The pure juror system is designed to keep any kind of bias or if the ‘trial by peers’ mentality. If selected, you’re moved to a facility and isolated for years, on the premise that you’ll be released when your allotted time is up. Corruption runs deep, however. And jurors don’t always get what they want.

J159 was written entirely from Eddie’s point of view. With that, the author challenges themselves to get the entire story across using, essentially, one person and one setting. Kind of like the first Saw movie. There’s significantly less action and suspense, but it still tells a good story. And that’s what this novel focuses more on: the story. It moves a bit slow in the beginning, but after the halfway mark, things pick up a bit with tension and suspense.
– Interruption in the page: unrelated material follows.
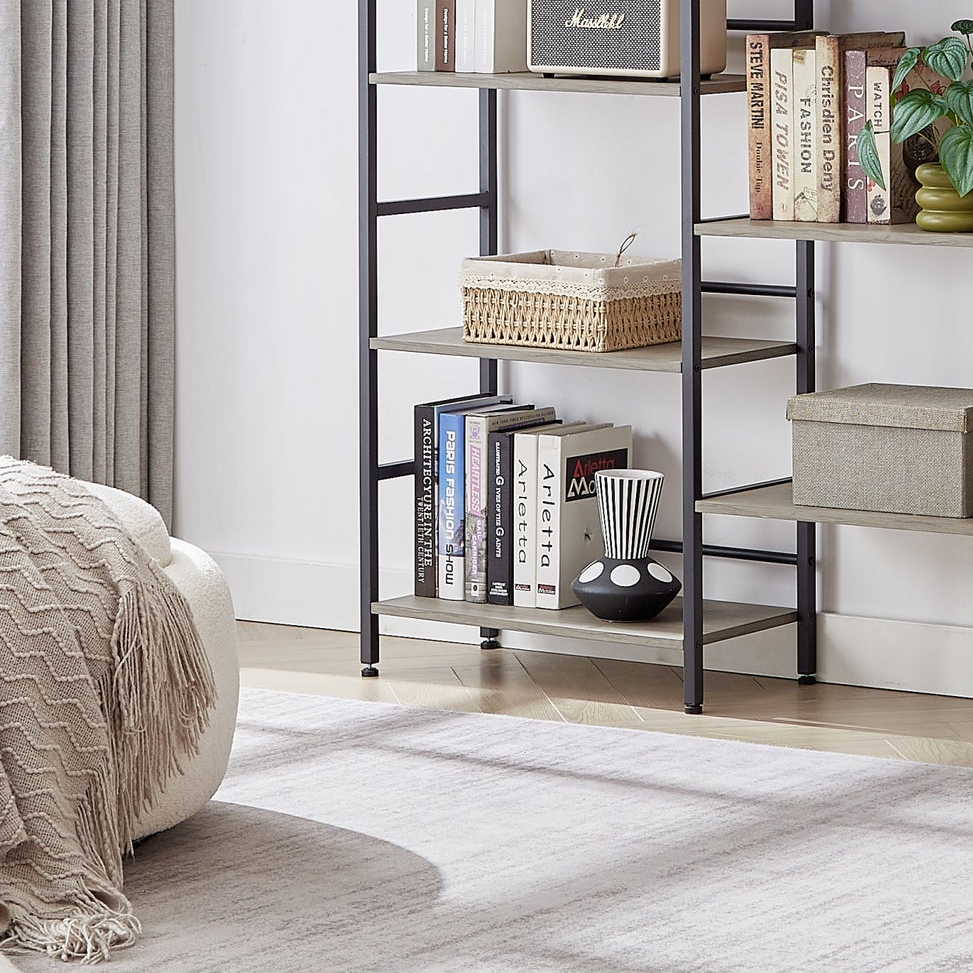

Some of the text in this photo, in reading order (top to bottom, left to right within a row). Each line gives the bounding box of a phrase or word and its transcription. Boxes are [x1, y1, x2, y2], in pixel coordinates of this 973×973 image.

The entire thing is at least well-written, and populated with just enough foreshadowing to hold your attention through the slow times. I enjoyed the way the entire thing was orchestrated. The reader really got to know Eddie as a character. The reader gets a really interesting and—might I add—isolated, unbiased view of the overall setting and state of the world. Showing, not telling was expertly used throughout the novel, and so the reader is able to use their own imagination to piece together the outside, instead of handing it to them on a platter.

A novel set this way is going to have inevitable lulls and boring exposition. It happens. There are very clear attempts by the author to make these as painless as possible. I really liked the ending. It felt very fitting to the rest of the narrative, and contains allusions to current events. Definitely worth a read.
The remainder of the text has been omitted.